History of Reflexology - A Brief Outline

A book called the Yellow Emperor's Standard of Internal Medication, a Chinese classic was created in 1,000BC and has a chapter on ''Investigating Foot Techniques'', it is also the start of discussions in print about the connection of life force energy and points on the foot. It is thought that Marco Polo translated a Chinese massage book into Italian in the 1300s, introducing reflexology and massage to Europe. In 1582, a book called Zone Treatment (which is a component of reflexology) was first published in Europe by Dr. Adamus and Dr. A'tatis. In 1917, in the United States, a man called William H. Fitzgerald, MD, wrote about ten vertical zones that extend the length of the body. He found that applying pressure to a zone that corresponded to the location of an injury, could help relieve pain during minor surgeries. Dr. Fitzgerald's work was continued and expanded by doctor Shelby Riley, who later developed a map of horizontal zones going across the body and also a detailed map of reflex points on the feet and hands. He also suggested pressure points on the outer ear. Eunice Ingham, a physiotherapist who worked for Dr. Riley, found in her research with zone therapy's pressure points, that feet are the most sensitive and responsive compared to hands and ears. She developed the foot maps and reflexology charts still used today and introduced reflexology practices to the non-medical community in the 1930s.

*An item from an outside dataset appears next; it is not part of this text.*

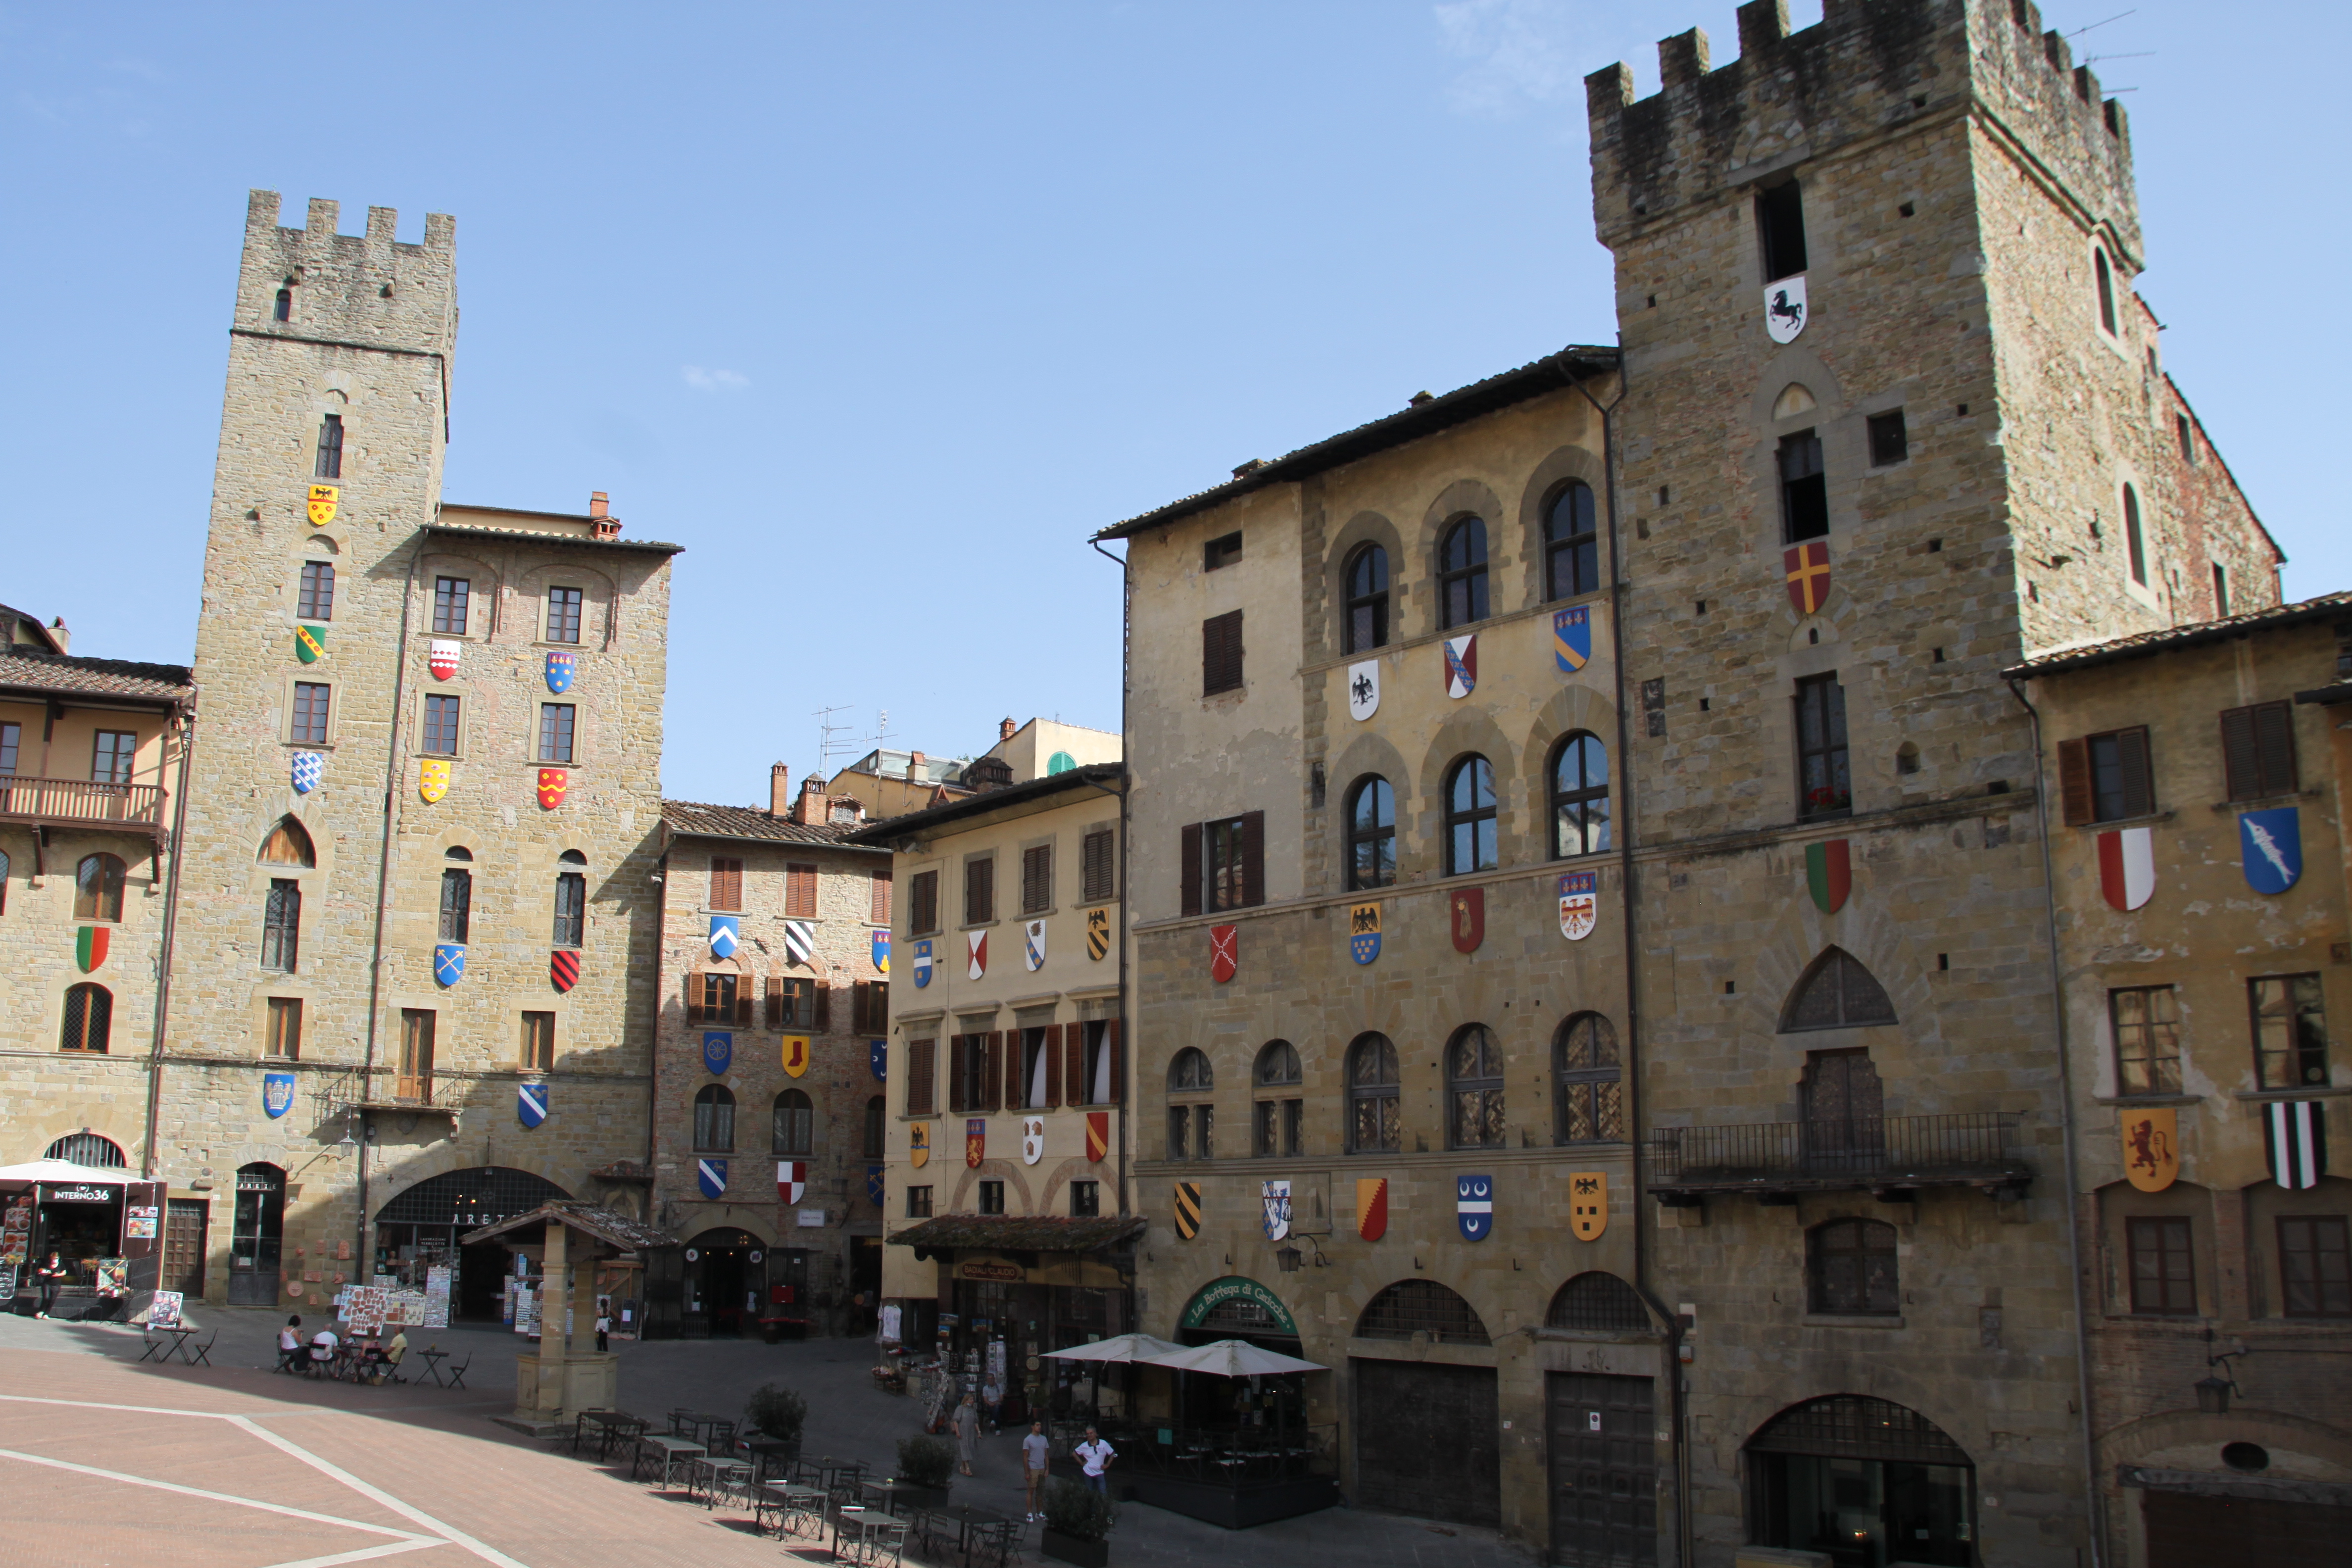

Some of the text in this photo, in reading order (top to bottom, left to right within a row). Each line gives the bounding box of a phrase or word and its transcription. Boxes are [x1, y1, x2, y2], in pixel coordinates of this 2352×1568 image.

[964, 1266, 1015, 1276] BADIALI CLAUDIO
[1191, 1283, 1287, 1323] La Bottega di Gnicche

Eunice Ingham is still known as the pioneer of modern reflexology and is the author of 2 well known books called “Stories the Feet Can Tell” and “Stories the Feet Have Told’’ In addition to her writing and lecturing, she, along with her nephew, Dwight Byers, founded the International Institute so that her work could be continued. Throughout her forty years of experience treating thousands of people, Eunice Ingham devised a system of techniques known as the “Original Ingham Method” and this method has been refined even further through research by Dwight Byers and staff at the Institute. Eunice Ingham died in 1974, having devoted forty years of her life to reflexology.

Reflexology can benefit people of all ages and depending on the length of time a condition has been present, It can help improve or eliminate many ailments through a course of weekly treatments.